Prompt>
Output the entries below exactly as written, omitting pictures.
*** Block opens ***
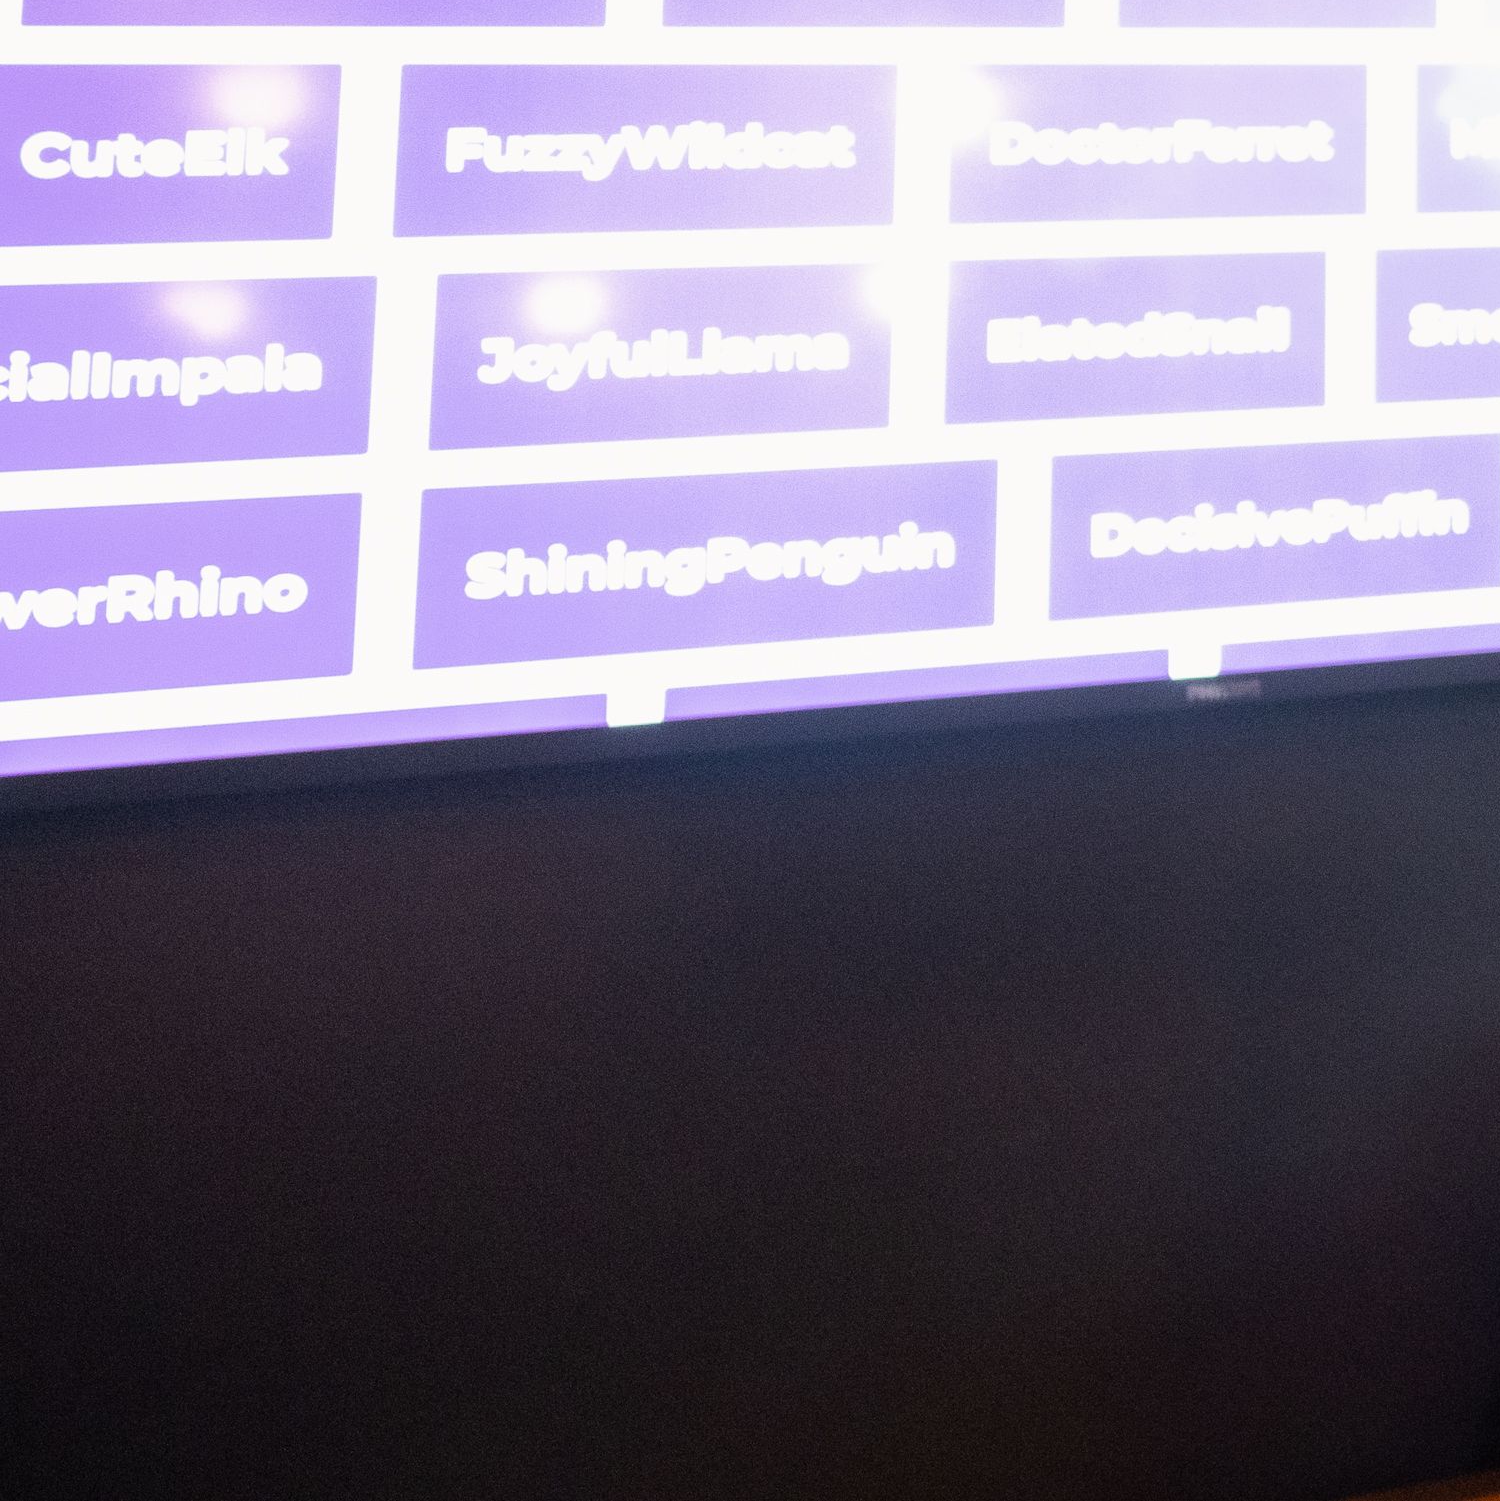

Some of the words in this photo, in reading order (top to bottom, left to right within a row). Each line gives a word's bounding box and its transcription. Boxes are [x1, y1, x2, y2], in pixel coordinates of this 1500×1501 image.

[20, 125, 290, 179] CuteElk
[446, 120, 857, 181] FuzzyWildcat
[477, 326, 850, 391] JoyfulLlama
[1090, 489, 1470, 558] DecisivePuffin
[465, 521, 956, 600] ShiningPenguin
*** Block closes ***
Final answer>
Some of the words in this photo, in reading order (top to bottom, left to right within a row). Each line gives a word's bounding box and its transcription. Boxes are [x1, y1, x2, y2], in pixel coordinates of this 1500×1501 image.

[20, 125, 290, 179] CuteElk
[446, 120, 857, 181] FuzzyWildcat
[477, 326, 850, 391] JoyfulLlama
[1090, 489, 1470, 558] DecisivePuffin
[465, 521, 956, 600] ShiningPenguin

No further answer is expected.